Circ J. 2013;77(5):1337-44. doi: 10.1253/circj.cj-12-1168. Epub 2013 Feb 2.

Abstract

Background: Dipeptidyl peptidase 4 (DPP4) inhibitors are used for treatment of diabetes mellitus (DM). We hypothesized that sitagliptin, a DPP4-inhibitor, could improve endothelial dysfunction in DM patients with coronary artery disease (CAD).

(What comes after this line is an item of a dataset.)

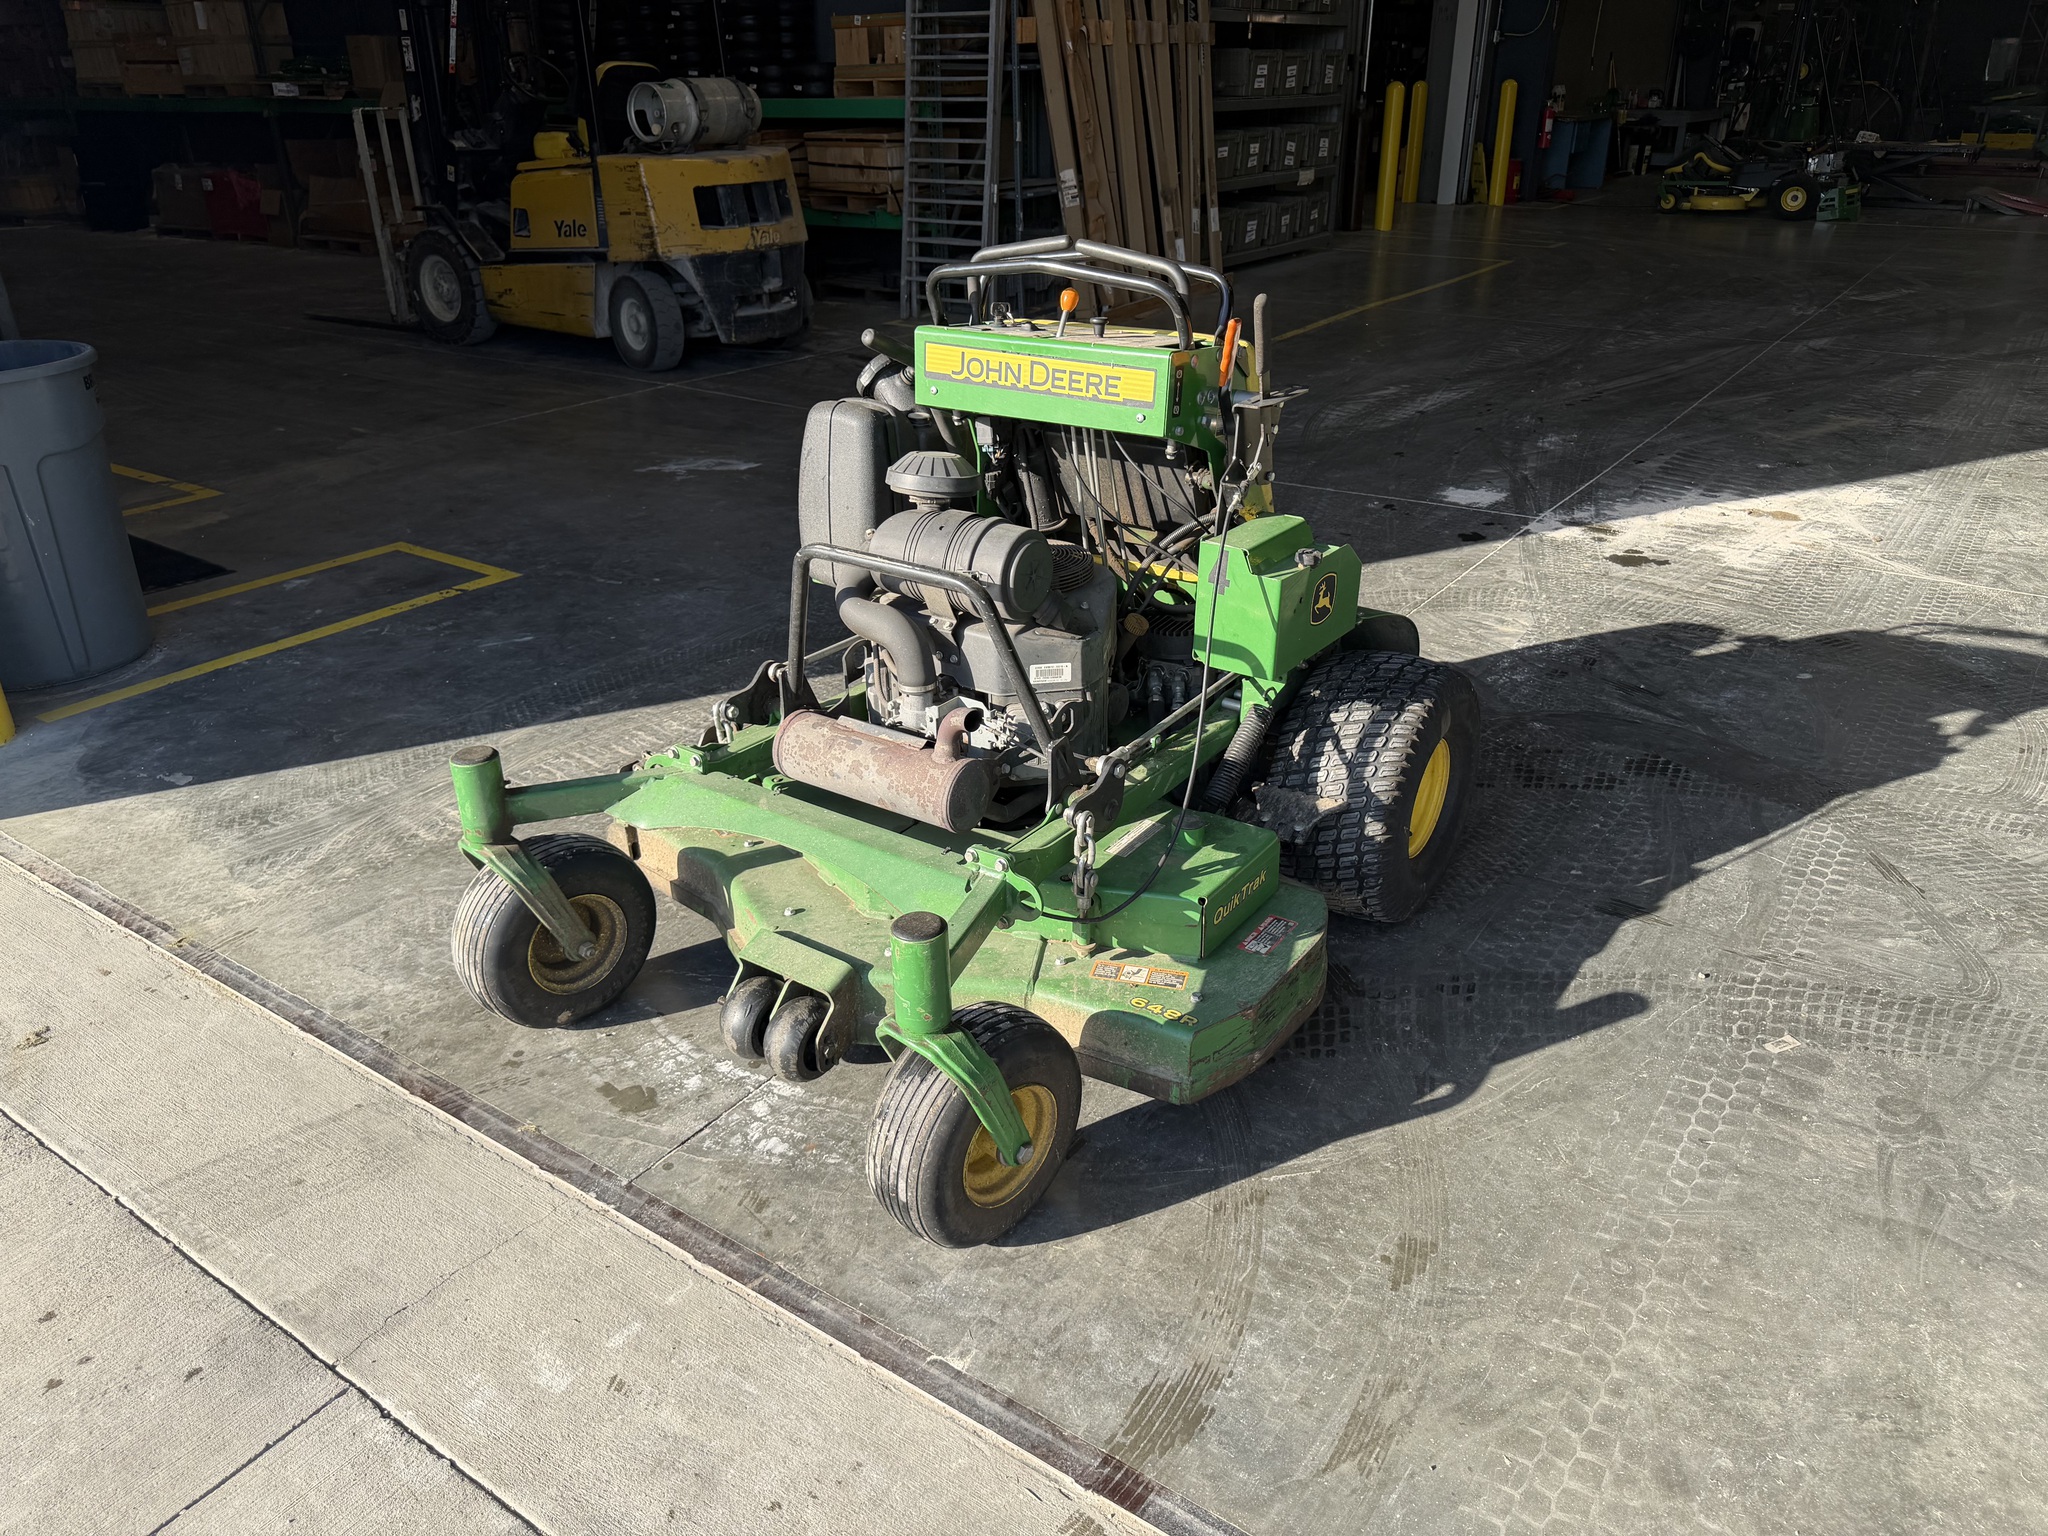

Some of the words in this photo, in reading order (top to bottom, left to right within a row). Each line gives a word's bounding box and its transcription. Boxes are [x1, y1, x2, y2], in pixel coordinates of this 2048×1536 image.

Methods and results: The 40 patients with CAD and uncontrolled DM, aged 68.7±9.4 years (mean±standard deviation) (50% males, hemoglobin A1c [HbA1c] 7.4±1.0%) were assigned to either additional treatment with sitagliptin (50 mg/day, n=20) or aggressive conventional treatment (control, n=20) for 6 months. Endothelial function was assessed by the reactive hyperemia peripheral arterial tonometry index (RHI). The clinical characteristics at baseline were not different between the groups. After treatment, fasting blood glucose and insulin levels, and lipid profiles were not different between the groups. HbA1c levels significantly improved similarly in both groups. The percent change in RHI was greater in the sitagliptin group than in the control group (62.4±59.2% vs. 15.9±22.0%, P<0.01). Furthermore, treatment with sitagliptin resulted in a significant decrease in the high-sensitivity C-reactive protein (hsCRP) level, but no such change was noted in the control group. Linear regression analysis demonstrated a significant negative relation between changes in RHI and hsCRP, but not between RHI and HbA1c.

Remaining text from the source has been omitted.